WHAT IS NEEDED: Word for word, restate the listing that follows and leave out the images.

RECORDED INFORMATION:
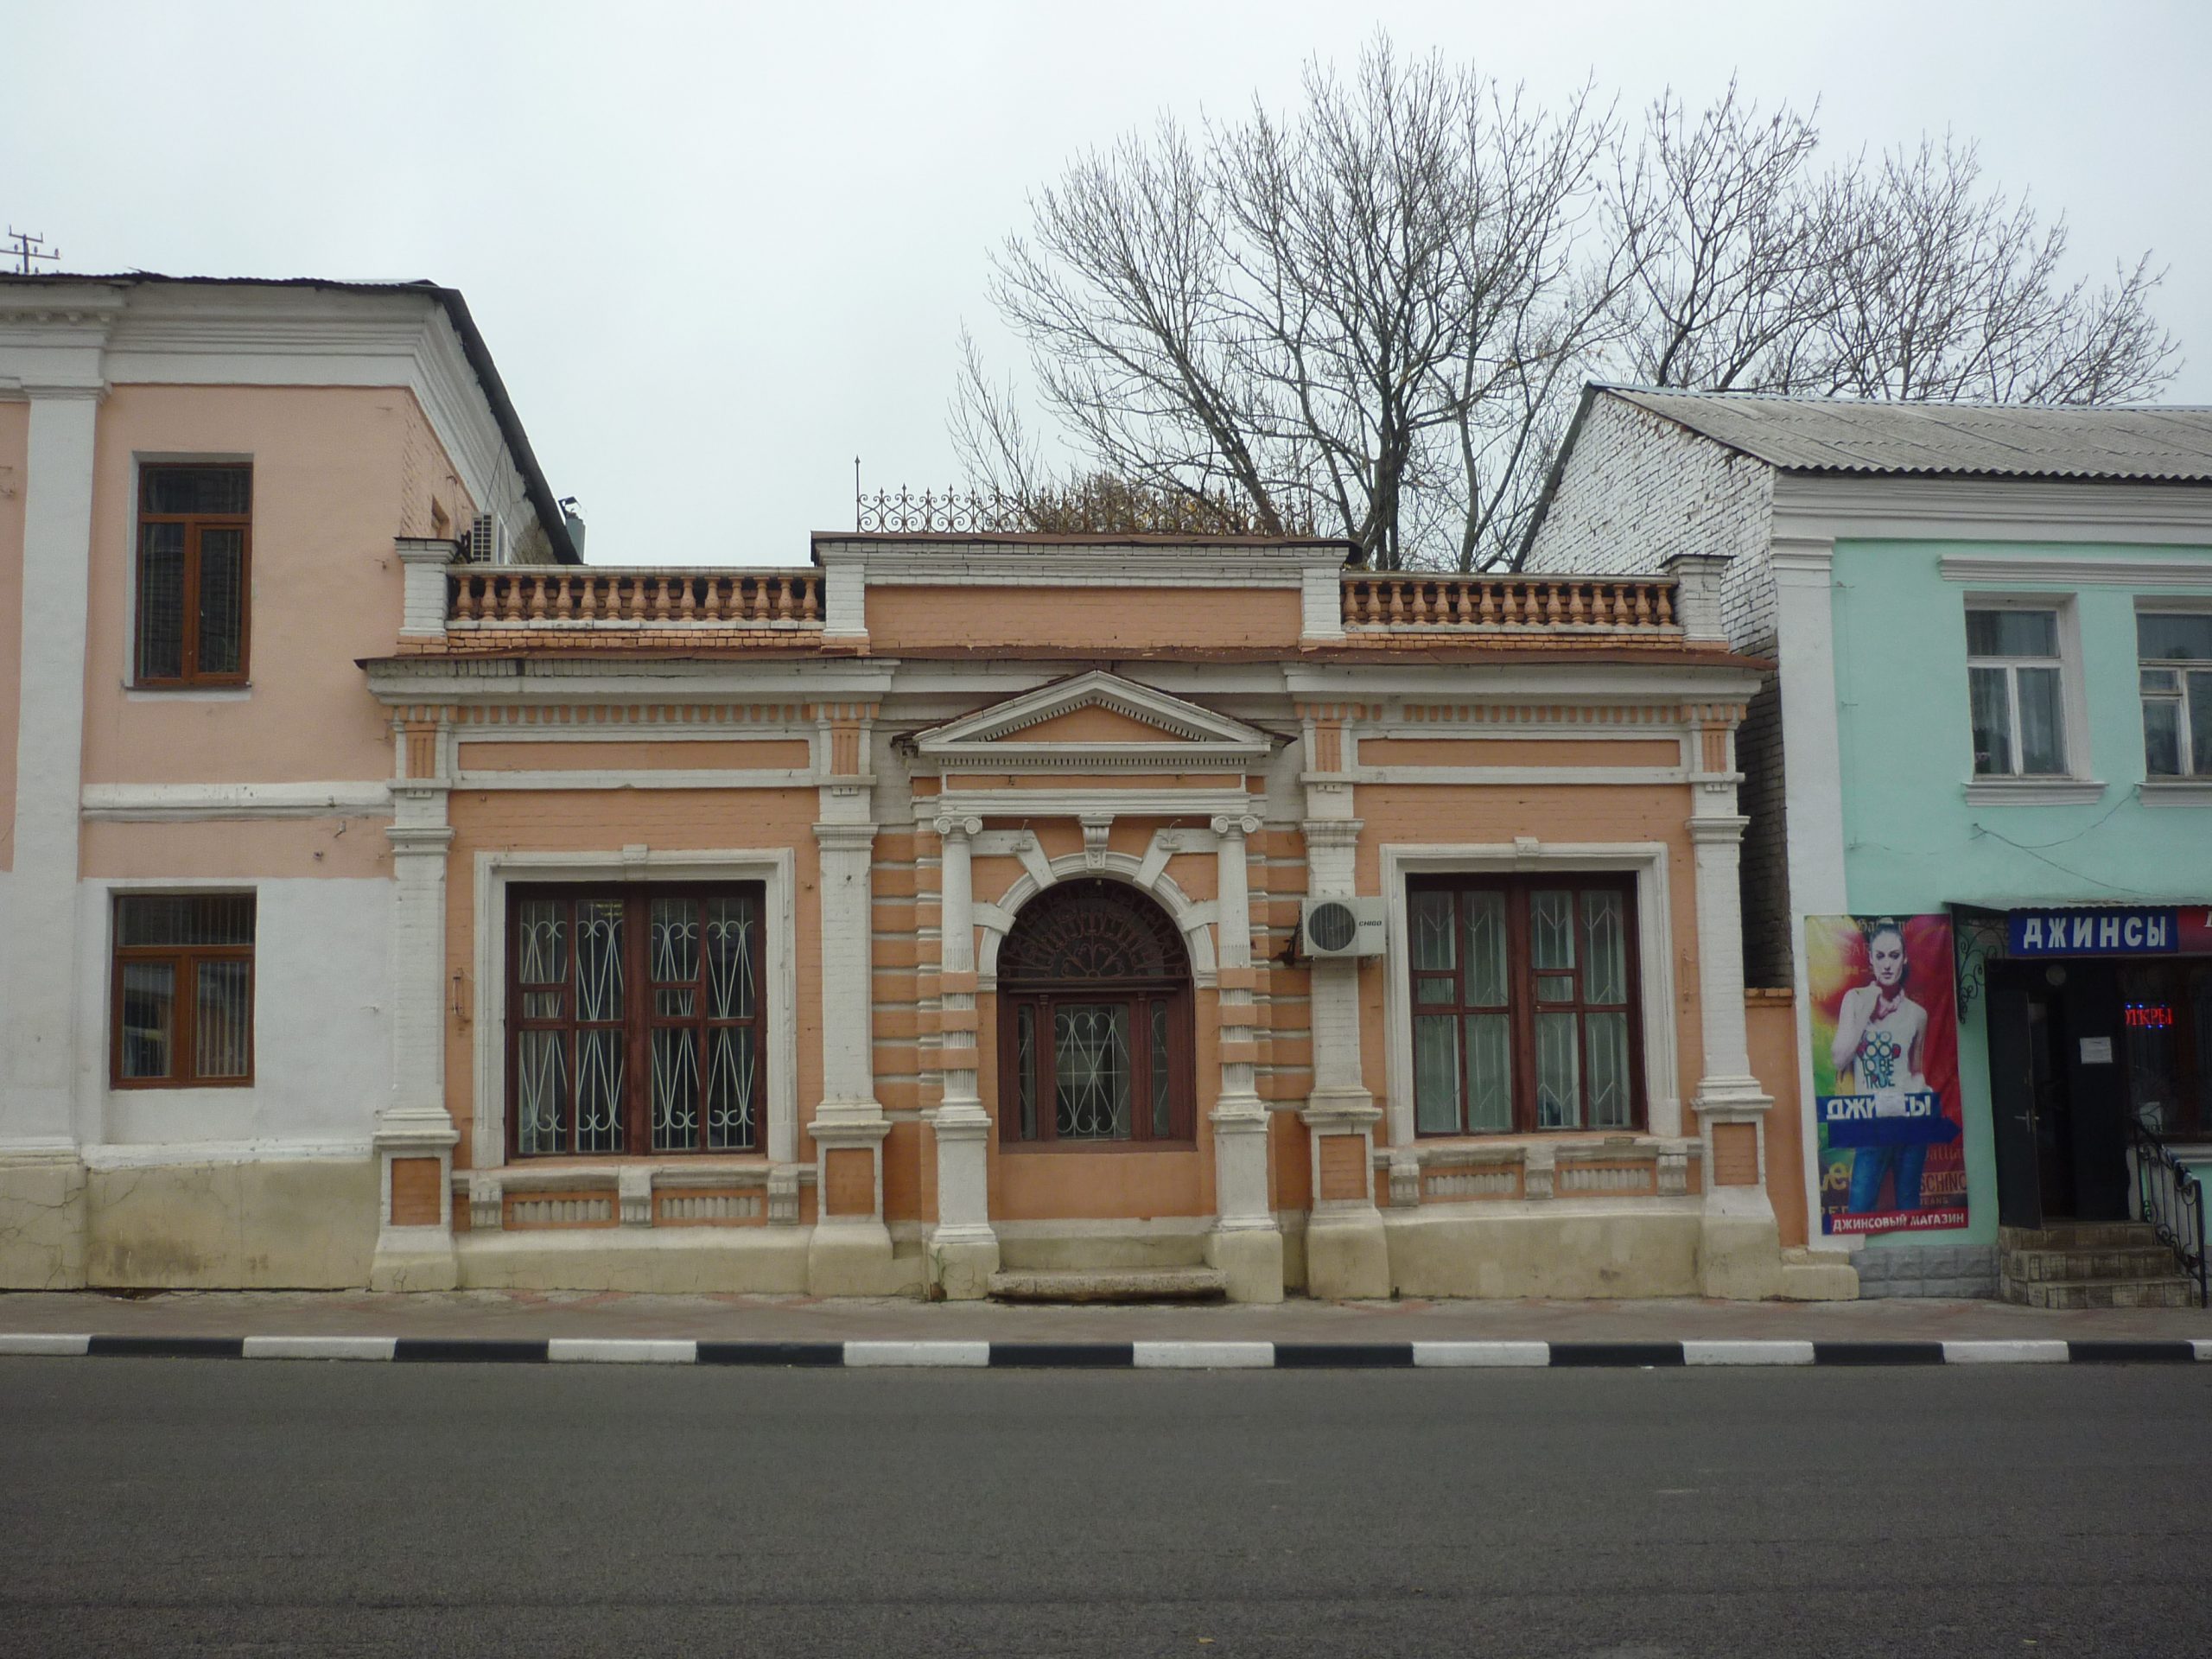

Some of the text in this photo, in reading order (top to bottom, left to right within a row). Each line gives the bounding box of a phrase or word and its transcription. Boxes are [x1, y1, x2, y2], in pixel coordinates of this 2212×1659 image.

[2023, 916, 2166, 949] ДЖИНСЫ
[1878, 1058, 1895, 1074] BE
[1864, 1072, 1896, 1089] TRUE
[1833, 1212, 1965, 1232] ДЖИНСОВЫЙ МАГАЗИН
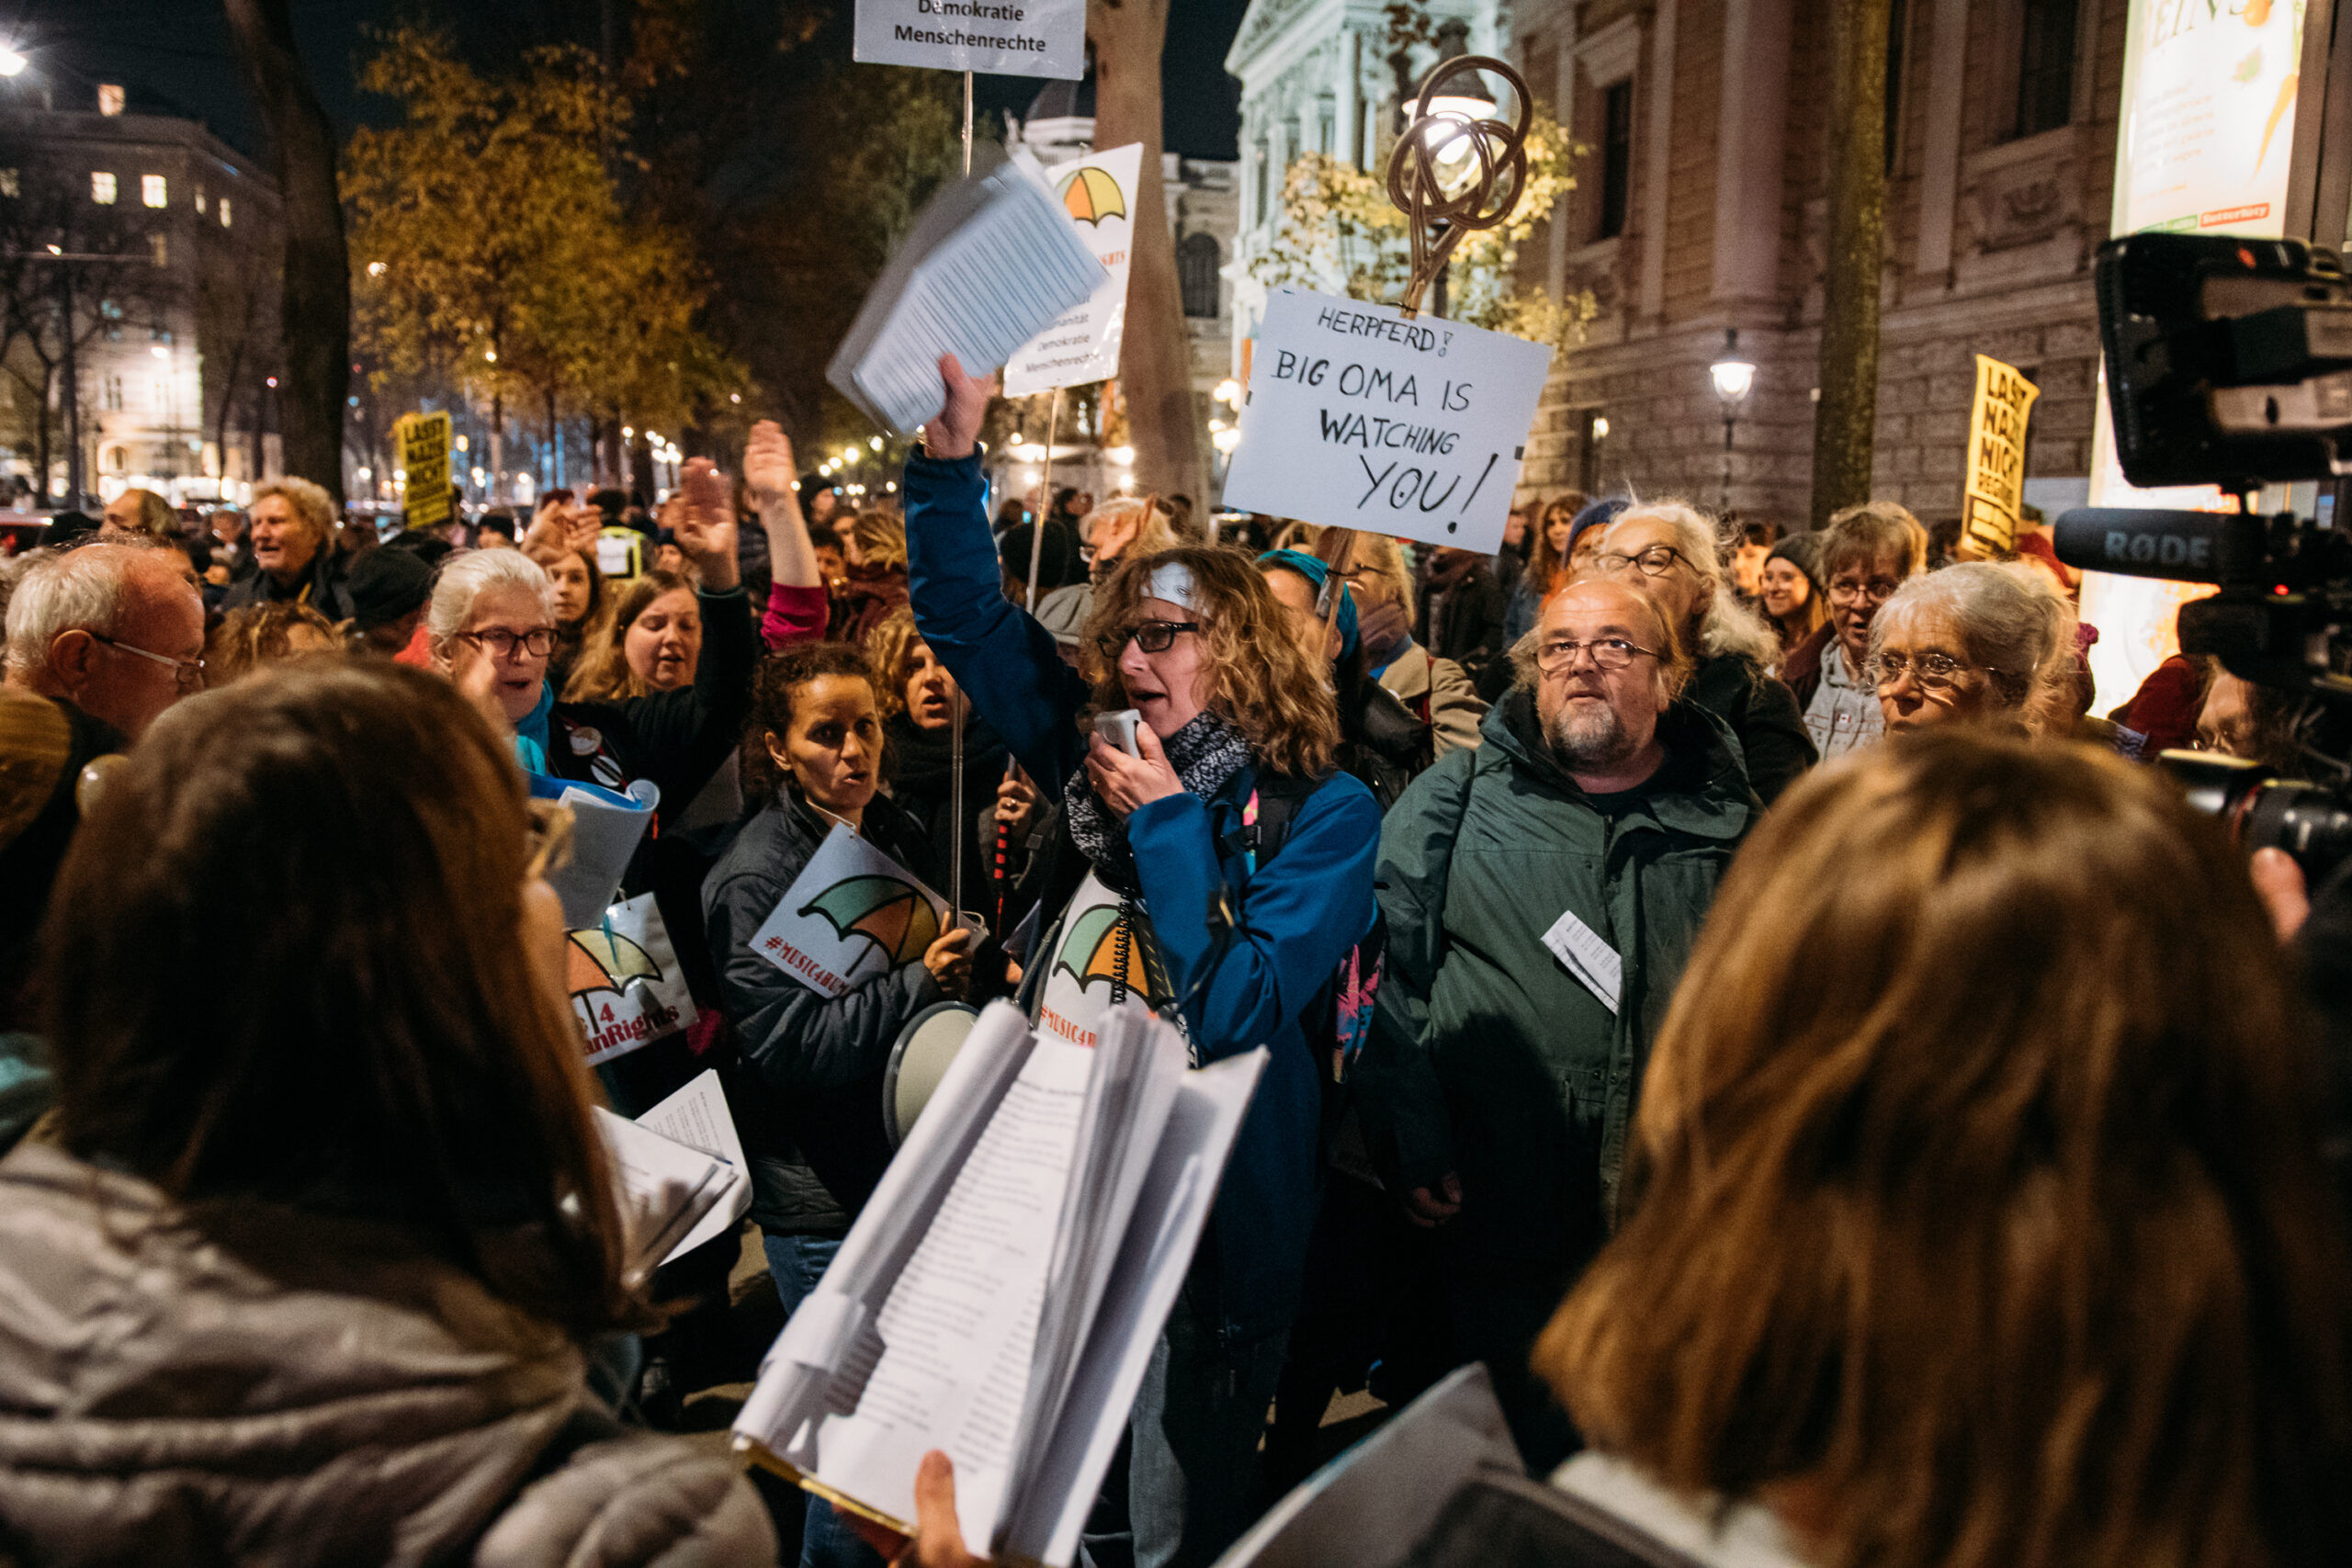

ANSWER TO THIS TASK:
Some of the text in this photo, in reading order (top to bottom, left to right within a row). Each line gives the bounding box of a phrase or word and its transcription. Boxes are [x1, y1, x2, y2], in pixel coordinates of this 2212×1659 image.

[2023, 916, 2166, 949] ДЖИНСЫ
[1878, 1058, 1895, 1074] BE
[1864, 1072, 1896, 1089] TRUE
[1833, 1212, 1965, 1232] ДЖИНСОВЫЙ МАГАЗИН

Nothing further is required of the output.